People with type 2 diabetes, in which the body loses its ability to produce insulin over time, usually take drugs that boost its production. About 15 percent of patients with type 2 can't make enough of the hormone, even with drug treatment, and must take daily injections to replace it, Melton said.

Type 1 diabetes destroys beta cells, and patients must carefully monitor their food and exercise while injecting appropriate doses of insulin to keep blood sugar levels in a healthy range. While self-treatment technology has improved, nothing may replace human beta cells for controlling blood sugar, Melton said.

"They squirt out, or secrete, just the right amount of insulin," he said in a telephone call with reporters. "It's so exquisitely accurate that I don't think it will ever be reproduced."

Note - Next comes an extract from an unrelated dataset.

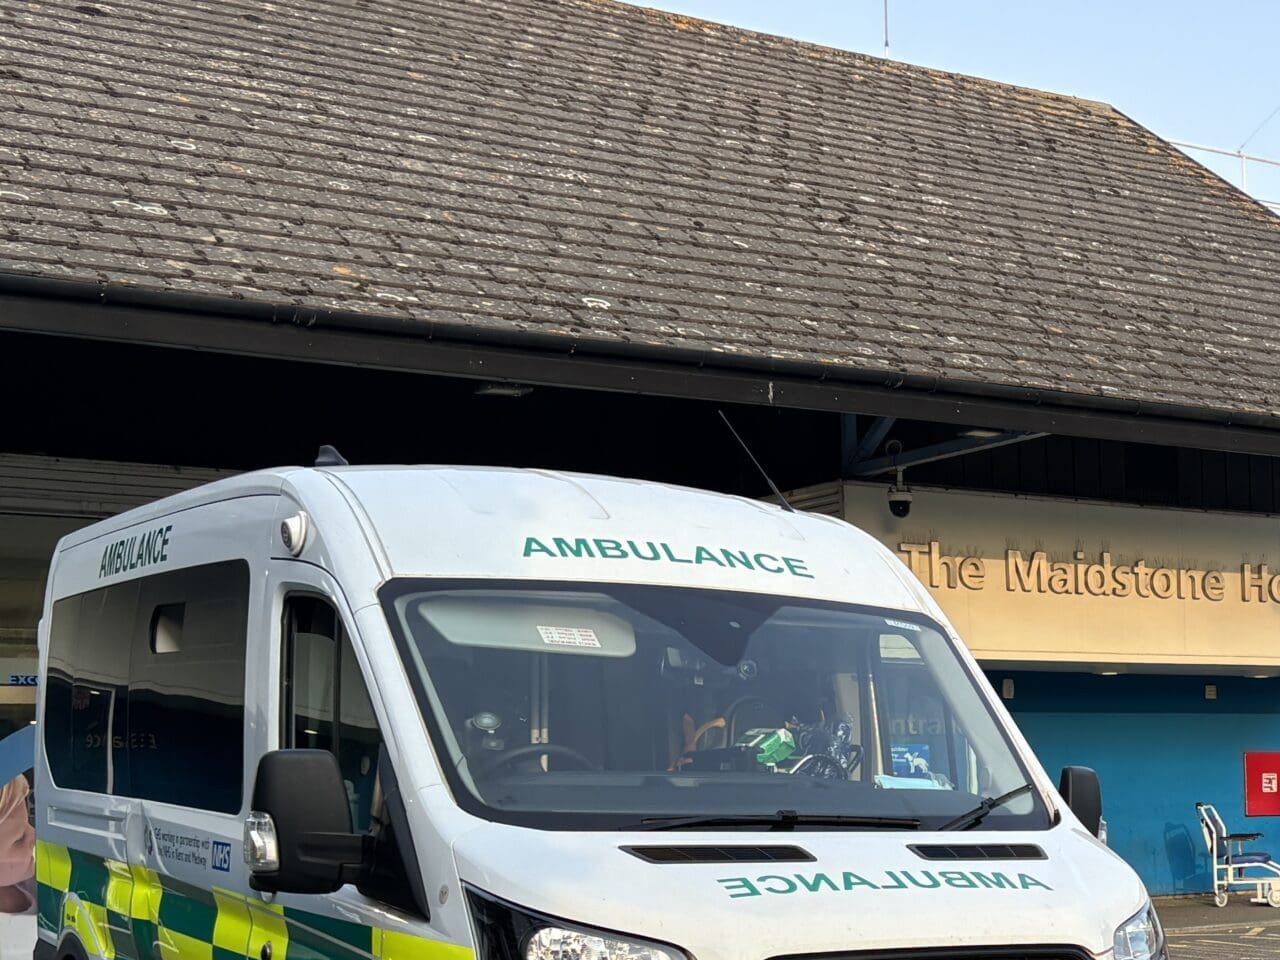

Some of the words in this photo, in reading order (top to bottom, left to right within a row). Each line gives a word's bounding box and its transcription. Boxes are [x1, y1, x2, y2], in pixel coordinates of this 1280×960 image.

Transplants of beta cells from deceased donors into diabetes patients are relatively rare, with only about 1,000 performed to date, Hwa said. The cells are difficult to get, and the drugs needed to protect foreign beta cells from the patient's immune system carry risks, he said.

With ample supplies of beta cells, scientists will be able to focus on the best approaches to transplantation, Melton said. His and other labs are focusing on ways to "encapsulate" the cells in materials that deter immune system detection without the use of drugs, he said.

"We're thinking about it as sort of a tea bag," he said. "It would allow the cells to read out the amount of sugar in the blood and squirt out the right amount of insulin."

ViaCyte, a closely held San Diego-based company developing treatment for diabetes, said on Oct. 7 that it will begin testing an implanted cell therapy called VC-01 in patients. The company's technique involves implantation of partially mature stem cells that become islets, structures that contain beta cells, said Paul Laikind, ViaCyte's chief executive officer.

ViaCyte has developed a device, called Encaptra, that keeps the islets safe from immune cells, Laikind said. If safety trials in three patients are successful, the company will begin testing larger doses of the cells in 36 patients next year.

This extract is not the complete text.